Items from a data source:
+++++
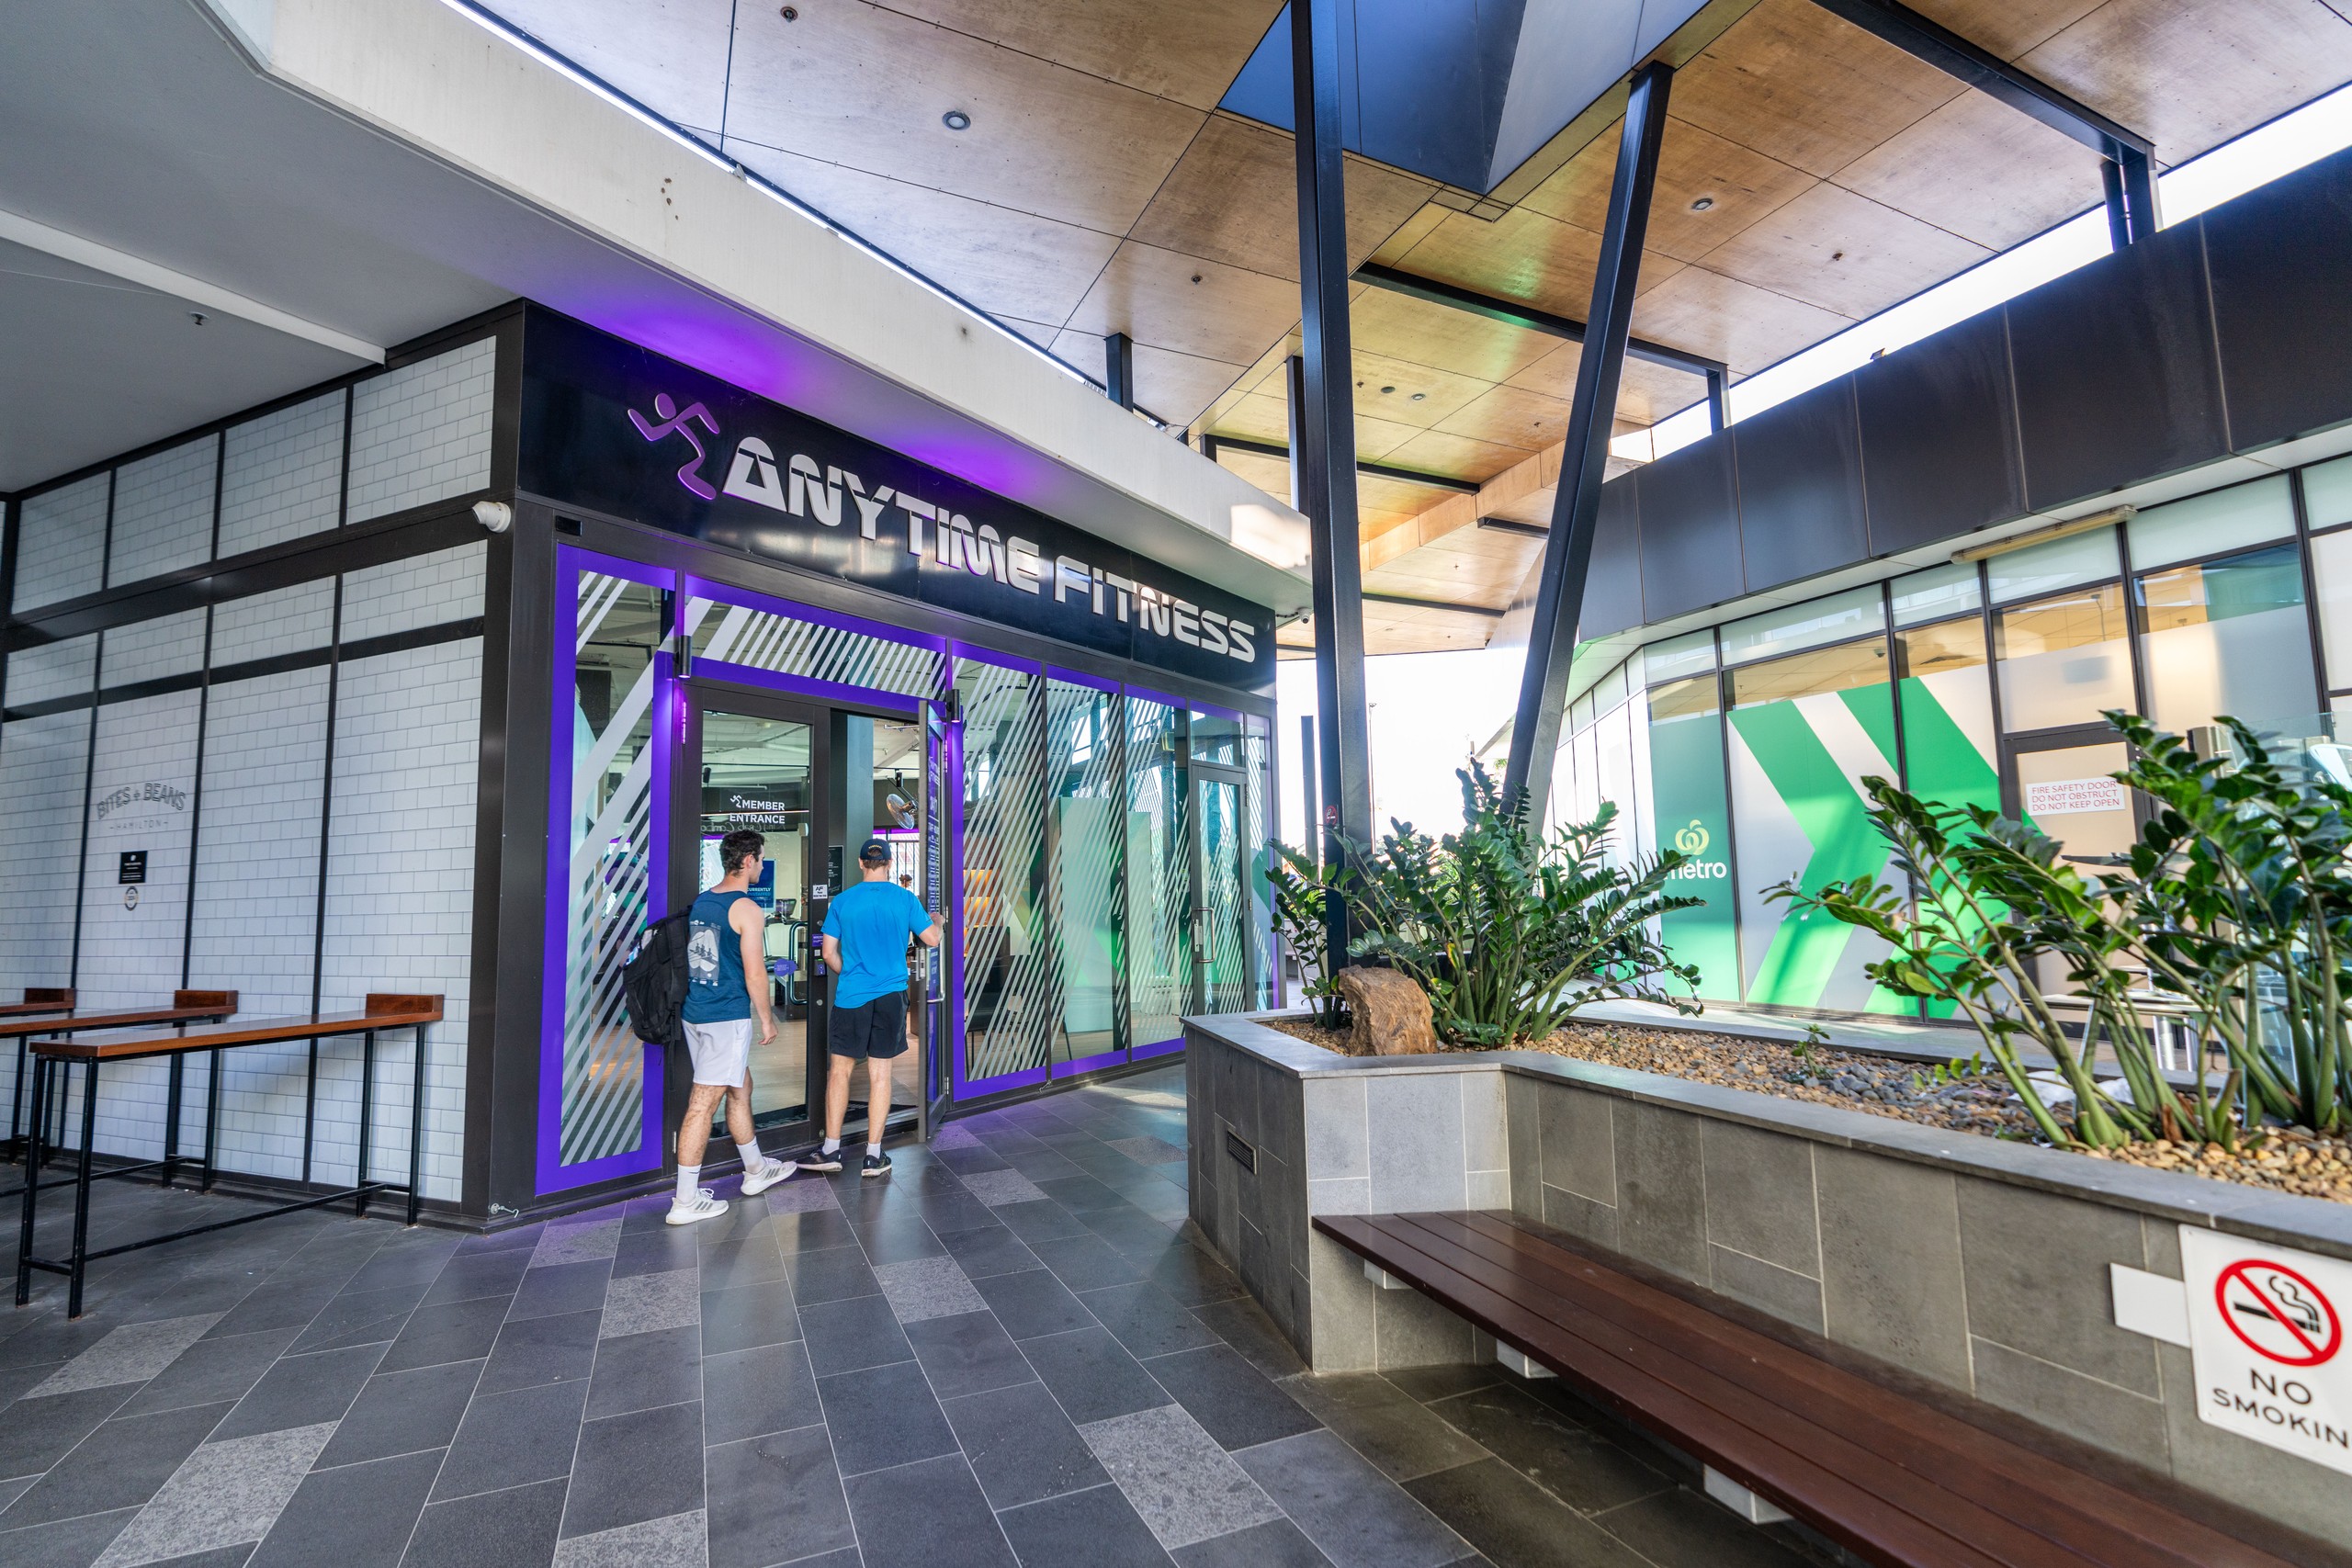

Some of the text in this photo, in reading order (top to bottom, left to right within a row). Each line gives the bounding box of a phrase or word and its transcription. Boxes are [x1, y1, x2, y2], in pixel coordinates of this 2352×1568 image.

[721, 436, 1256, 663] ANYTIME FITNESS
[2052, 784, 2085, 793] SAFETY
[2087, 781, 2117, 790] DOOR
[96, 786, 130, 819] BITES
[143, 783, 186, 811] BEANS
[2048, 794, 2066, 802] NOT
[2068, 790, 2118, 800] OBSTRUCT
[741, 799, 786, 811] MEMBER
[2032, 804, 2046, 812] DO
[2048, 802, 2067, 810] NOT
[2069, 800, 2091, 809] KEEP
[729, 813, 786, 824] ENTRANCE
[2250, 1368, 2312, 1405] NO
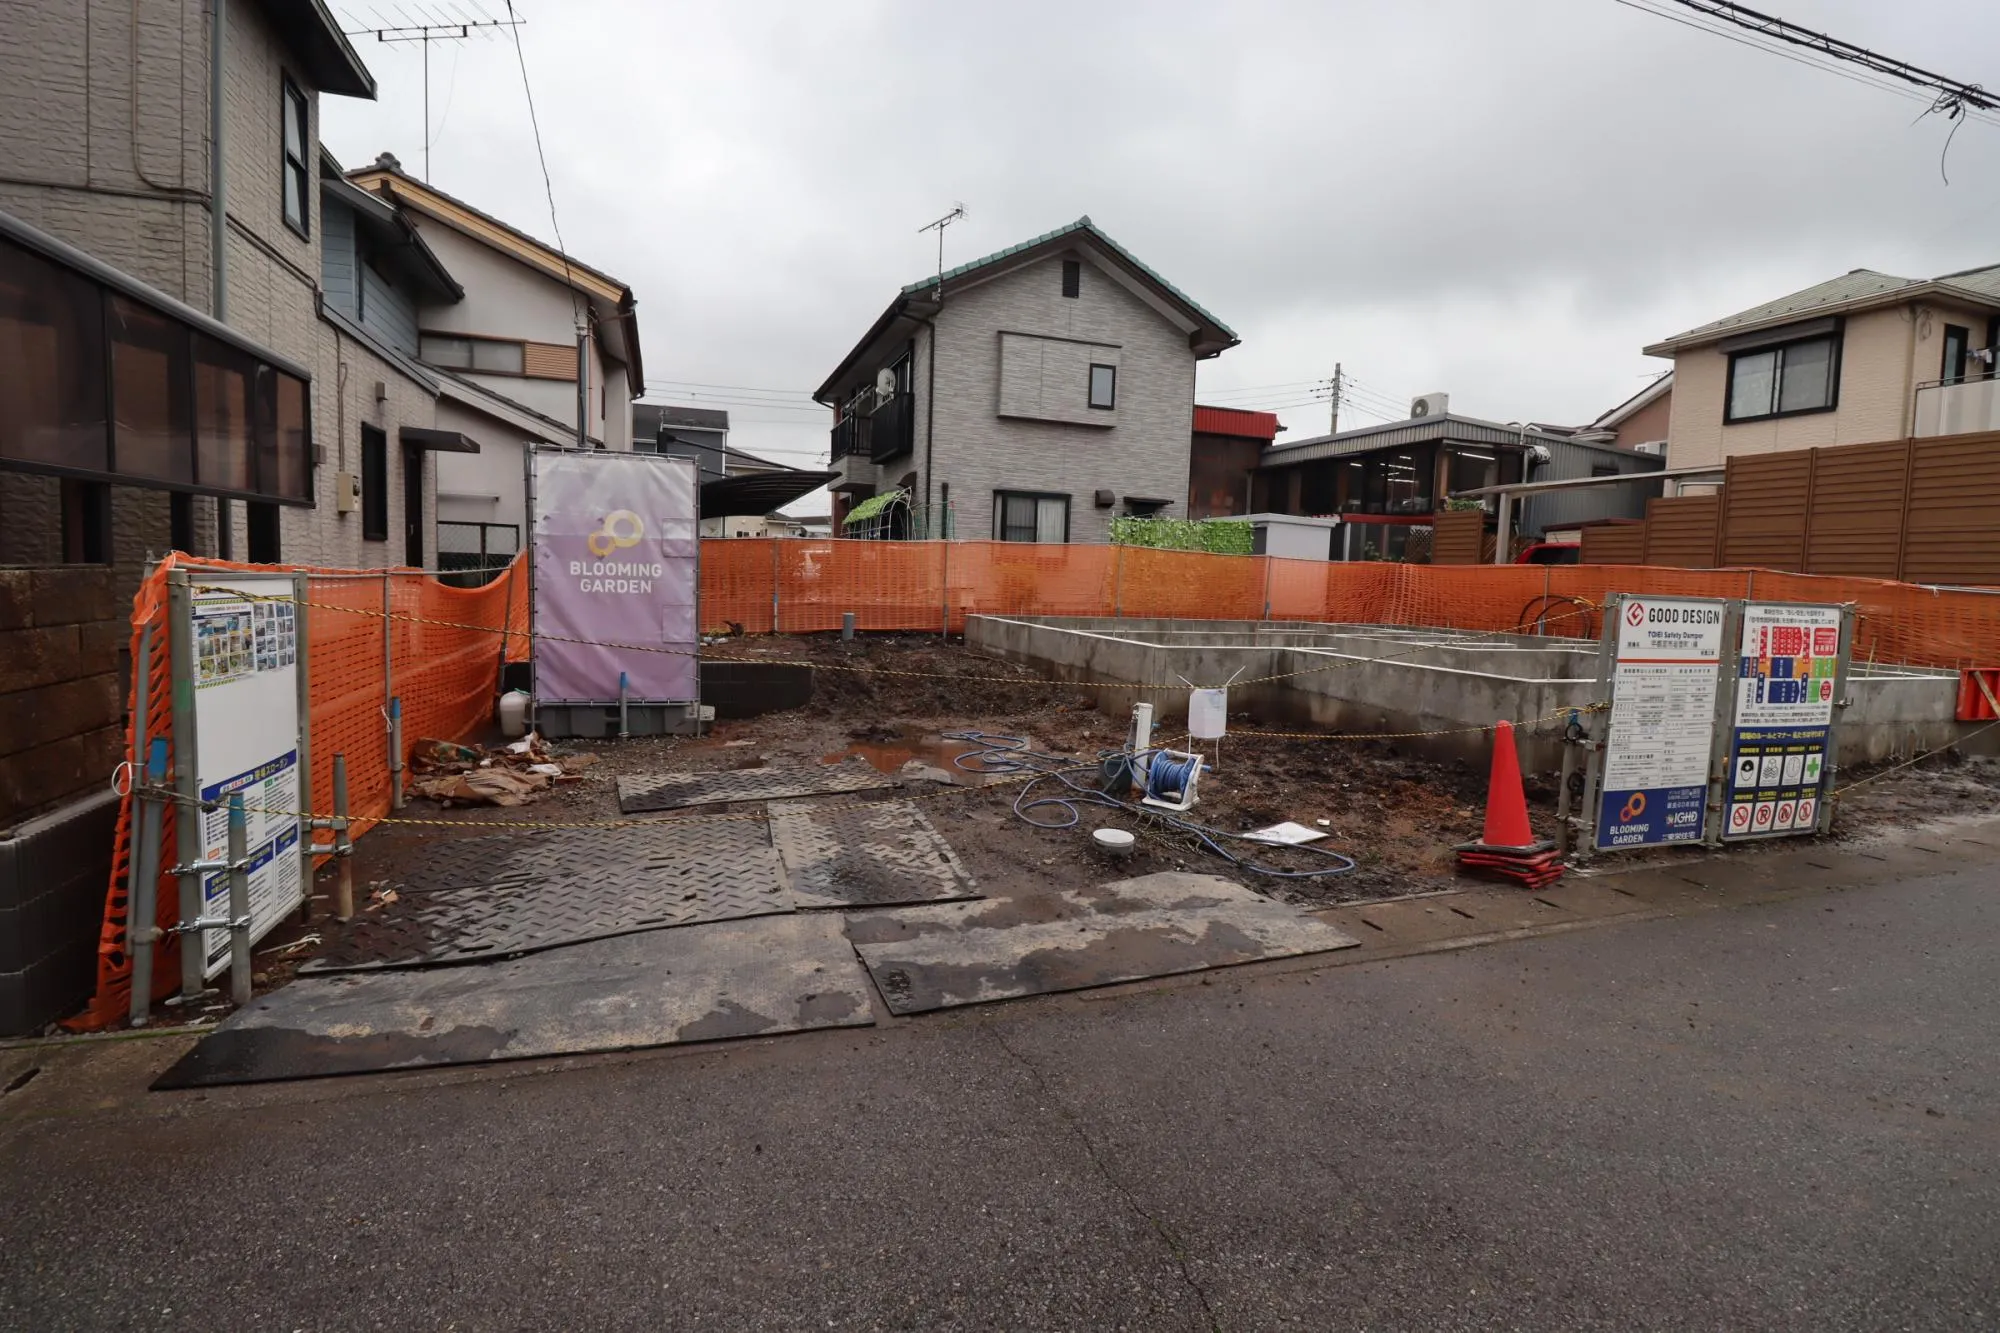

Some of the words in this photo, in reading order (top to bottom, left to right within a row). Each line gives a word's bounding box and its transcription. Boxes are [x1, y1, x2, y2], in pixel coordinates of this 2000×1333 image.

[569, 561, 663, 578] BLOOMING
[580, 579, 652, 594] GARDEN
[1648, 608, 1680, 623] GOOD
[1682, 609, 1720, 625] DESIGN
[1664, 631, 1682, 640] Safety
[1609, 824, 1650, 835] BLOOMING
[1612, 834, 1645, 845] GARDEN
+++++
**Exercise**
Print every record exactly, without the pictures.

**Exercise answer**
Some of the text in this photo, in reading order (top to bottom, left to right within a row). Each line gives the bounding box of a phrase or word and its transcription. Boxes are [x1, y1, x2, y2], in pixel coordinates of this 2352×1568 image.

[721, 436, 1256, 663] ANYTIME FITNESS
[2052, 784, 2085, 793] SAFETY
[2087, 781, 2117, 790] DOOR
[96, 786, 130, 819] BITES
[143, 783, 186, 811] BEANS
[2048, 794, 2066, 802] NOT
[2068, 790, 2118, 800] OBSTRUCT
[741, 799, 786, 811] MEMBER
[2032, 804, 2046, 812] DO
[2048, 802, 2067, 810] NOT
[2069, 800, 2091, 809] KEEP
[729, 813, 786, 824] ENTRANCE
[2250, 1368, 2312, 1405] NO

Some of the words in this photo, in reading order (top to bottom, left to right within a row). Each line gives a word's bounding box and its transcription. Boxes are [x1, y1, x2, y2], in pixel coordinates of this 2000×1333 image.

[569, 561, 663, 578] BLOOMING
[580, 579, 652, 594] GARDEN
[1648, 608, 1680, 623] GOOD
[1682, 609, 1720, 625] DESIGN
[1664, 631, 1682, 640] Safety
[1609, 824, 1650, 835] BLOOMING
[1612, 834, 1645, 845] GARDEN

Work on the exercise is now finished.